(Source information Opens)

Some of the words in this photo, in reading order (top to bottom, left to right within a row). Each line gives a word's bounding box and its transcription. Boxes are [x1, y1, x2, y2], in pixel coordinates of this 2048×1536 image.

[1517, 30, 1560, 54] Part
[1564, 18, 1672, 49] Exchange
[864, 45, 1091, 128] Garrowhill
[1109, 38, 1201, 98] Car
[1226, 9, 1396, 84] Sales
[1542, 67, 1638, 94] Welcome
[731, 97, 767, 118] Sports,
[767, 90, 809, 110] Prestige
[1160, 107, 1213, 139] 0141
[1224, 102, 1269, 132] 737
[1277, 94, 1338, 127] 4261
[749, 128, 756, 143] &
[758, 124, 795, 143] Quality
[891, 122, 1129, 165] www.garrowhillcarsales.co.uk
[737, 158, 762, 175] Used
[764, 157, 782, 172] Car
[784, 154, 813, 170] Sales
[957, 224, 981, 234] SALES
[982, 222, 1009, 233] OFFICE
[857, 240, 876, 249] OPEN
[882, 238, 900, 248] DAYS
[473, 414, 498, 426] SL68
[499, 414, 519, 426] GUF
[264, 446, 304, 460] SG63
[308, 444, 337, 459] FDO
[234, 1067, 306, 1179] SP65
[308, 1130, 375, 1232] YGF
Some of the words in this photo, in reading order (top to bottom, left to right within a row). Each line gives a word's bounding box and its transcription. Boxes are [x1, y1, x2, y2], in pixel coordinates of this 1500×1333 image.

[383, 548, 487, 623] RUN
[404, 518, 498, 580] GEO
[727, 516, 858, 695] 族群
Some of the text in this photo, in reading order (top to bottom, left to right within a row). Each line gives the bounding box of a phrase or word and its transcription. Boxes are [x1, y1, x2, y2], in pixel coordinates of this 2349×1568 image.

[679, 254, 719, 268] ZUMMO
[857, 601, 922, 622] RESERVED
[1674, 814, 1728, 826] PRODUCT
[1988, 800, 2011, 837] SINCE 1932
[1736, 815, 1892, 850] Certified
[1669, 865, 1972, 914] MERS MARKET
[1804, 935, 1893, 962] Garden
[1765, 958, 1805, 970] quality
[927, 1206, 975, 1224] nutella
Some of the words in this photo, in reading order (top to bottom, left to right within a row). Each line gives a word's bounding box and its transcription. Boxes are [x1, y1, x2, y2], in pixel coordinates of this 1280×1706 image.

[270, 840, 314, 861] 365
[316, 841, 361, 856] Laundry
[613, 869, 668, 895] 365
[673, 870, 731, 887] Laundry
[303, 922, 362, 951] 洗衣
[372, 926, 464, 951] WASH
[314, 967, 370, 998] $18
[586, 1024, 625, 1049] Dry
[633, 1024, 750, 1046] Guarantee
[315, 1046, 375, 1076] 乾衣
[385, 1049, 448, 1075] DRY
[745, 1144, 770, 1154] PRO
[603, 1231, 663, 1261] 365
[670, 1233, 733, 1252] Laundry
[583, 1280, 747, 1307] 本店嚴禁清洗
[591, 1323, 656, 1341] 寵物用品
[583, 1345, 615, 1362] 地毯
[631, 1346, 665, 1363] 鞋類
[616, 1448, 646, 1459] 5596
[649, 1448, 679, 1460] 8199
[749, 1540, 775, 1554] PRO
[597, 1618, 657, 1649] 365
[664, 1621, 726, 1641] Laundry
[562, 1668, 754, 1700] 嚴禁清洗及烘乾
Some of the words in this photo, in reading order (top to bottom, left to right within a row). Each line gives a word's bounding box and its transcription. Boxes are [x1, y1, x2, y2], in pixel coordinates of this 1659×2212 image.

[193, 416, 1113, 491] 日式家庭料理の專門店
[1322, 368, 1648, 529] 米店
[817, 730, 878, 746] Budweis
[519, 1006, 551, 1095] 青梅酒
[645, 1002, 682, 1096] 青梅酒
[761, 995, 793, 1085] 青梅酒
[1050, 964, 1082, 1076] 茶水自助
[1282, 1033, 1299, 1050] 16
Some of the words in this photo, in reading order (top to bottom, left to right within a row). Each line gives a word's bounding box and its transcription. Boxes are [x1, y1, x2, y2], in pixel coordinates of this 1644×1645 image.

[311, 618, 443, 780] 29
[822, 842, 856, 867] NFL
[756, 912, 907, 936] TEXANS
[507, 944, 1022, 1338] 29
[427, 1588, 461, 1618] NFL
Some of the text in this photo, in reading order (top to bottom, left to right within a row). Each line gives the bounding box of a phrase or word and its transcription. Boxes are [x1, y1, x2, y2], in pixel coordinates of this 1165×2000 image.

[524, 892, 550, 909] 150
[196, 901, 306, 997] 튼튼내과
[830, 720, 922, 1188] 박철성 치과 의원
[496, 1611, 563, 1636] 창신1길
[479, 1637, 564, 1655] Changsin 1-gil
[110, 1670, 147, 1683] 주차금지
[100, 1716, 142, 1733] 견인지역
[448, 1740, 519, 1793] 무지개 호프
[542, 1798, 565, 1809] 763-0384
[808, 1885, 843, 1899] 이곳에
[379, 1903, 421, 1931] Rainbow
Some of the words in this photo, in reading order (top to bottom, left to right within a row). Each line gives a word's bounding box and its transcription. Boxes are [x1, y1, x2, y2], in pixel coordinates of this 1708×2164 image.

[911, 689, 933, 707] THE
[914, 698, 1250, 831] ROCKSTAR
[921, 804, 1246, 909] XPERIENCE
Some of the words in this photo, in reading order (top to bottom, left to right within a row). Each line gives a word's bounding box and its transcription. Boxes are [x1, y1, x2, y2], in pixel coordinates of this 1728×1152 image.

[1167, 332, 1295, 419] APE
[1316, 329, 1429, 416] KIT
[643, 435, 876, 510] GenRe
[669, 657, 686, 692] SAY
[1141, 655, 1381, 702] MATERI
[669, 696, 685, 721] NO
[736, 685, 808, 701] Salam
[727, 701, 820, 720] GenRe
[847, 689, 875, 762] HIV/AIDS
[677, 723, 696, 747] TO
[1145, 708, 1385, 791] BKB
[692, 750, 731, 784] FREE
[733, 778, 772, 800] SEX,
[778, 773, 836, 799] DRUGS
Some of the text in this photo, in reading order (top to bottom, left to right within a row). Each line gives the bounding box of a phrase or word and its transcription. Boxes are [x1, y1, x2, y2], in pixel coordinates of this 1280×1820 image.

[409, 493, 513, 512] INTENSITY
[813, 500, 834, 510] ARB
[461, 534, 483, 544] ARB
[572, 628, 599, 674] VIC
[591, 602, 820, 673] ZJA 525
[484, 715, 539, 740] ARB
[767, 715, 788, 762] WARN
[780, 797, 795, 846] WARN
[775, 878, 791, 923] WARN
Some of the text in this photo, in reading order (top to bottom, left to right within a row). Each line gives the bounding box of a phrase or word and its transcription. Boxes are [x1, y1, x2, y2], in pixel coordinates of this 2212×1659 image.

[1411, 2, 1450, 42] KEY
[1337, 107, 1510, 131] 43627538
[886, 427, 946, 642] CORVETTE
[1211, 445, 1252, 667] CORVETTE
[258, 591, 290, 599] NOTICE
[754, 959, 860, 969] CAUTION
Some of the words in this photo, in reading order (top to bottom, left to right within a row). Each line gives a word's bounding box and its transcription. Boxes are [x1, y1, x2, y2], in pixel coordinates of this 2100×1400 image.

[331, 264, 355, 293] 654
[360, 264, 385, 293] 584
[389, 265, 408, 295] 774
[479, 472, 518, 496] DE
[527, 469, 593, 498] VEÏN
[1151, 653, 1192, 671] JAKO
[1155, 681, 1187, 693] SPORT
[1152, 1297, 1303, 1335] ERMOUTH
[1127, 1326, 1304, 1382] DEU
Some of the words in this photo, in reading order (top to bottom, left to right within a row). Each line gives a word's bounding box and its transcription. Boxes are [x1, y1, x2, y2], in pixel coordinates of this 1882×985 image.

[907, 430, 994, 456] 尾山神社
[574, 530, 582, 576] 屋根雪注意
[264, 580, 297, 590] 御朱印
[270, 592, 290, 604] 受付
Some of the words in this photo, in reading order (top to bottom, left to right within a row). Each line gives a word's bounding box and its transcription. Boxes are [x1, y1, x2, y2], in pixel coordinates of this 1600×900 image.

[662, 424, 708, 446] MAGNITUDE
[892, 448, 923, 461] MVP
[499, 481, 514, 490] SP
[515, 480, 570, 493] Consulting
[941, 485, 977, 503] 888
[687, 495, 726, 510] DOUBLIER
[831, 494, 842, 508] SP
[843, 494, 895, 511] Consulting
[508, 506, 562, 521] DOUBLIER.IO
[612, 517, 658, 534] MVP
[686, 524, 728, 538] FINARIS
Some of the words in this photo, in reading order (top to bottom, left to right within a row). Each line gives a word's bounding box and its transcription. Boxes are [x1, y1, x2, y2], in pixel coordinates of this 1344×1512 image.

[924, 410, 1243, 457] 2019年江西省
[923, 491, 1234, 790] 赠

(Source information Closes)

What is expected - Above are the records; copy exactly the lines from the one with "this 1344×1512 image." through the final line.

Solution to this task -
Some of the words in this photo, in reading order (top to bottom, left to right within a row). Each line gives a word's bounding box and its transcription. Boxes are [x1, y1, x2, y2], in pixel coordinates of this 1344×1512 image.

[924, 410, 1243, 457] 2019年江西省
[923, 491, 1234, 790] 赠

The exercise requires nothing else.